Suponiendo un éter en reposo, algunos científicos empezaron a entrever que si la Tierra se desplazaba a cierta velocidad respecto al éter (sin perturbarlo), medidas de la velocidad de la luz, a favor y en contra del movimiento de la Tierra, deberían arrojar resultados distintos: según la ley de adición de velocidades de Galileo debería obtenerse un valor algo inferior a c, para un rayo de luz emitido en la misma dirección y sentido con el que la Tierra se desplaza a través del éter, y ligeramente superior a c, cuando va en sentido contrario.

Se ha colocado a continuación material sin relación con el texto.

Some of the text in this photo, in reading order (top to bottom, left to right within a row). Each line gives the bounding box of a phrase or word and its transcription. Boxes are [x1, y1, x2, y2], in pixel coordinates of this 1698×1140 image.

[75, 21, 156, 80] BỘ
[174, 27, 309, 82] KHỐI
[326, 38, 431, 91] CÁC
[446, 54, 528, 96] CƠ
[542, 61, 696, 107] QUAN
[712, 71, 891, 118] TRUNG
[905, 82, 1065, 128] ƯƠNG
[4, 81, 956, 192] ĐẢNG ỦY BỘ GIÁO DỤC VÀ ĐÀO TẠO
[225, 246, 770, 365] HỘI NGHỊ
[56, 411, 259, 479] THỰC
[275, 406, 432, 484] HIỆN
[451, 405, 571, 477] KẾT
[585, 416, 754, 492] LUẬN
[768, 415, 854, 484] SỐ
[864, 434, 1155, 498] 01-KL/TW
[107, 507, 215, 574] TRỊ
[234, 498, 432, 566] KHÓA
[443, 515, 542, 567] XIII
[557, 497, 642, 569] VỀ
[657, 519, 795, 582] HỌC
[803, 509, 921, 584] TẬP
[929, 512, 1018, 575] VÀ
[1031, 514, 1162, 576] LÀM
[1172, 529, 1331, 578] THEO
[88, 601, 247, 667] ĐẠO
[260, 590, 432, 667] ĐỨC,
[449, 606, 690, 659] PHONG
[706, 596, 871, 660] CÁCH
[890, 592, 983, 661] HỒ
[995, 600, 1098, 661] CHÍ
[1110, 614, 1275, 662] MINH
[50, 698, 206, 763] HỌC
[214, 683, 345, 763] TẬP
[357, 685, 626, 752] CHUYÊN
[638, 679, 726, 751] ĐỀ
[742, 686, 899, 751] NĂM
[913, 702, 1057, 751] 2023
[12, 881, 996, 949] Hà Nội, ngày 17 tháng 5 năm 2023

Dicha serie de experimentos de precisión fue llevada a cabo en 1881, de la mano de los físicos Albert Michelson y Edward Morley. Durante años, repitieron sus medidas en condiciones muy diversas. En todas las ocasiones, encontraron el mismo valor para la velocidad de la luz con respecto a la Tierra, en cualquier dirección, dentro de la precisión que permitía su instrumentación.
Los experimentos de Michelson y Morley llevaron a Albert Einstein a relegar el concepto de éter al olvido, y a postular que la velocidad de la luz era independiente del movimiento relativo entre el objeto emisor y el receptor, base de su teoría de la relatividad especial.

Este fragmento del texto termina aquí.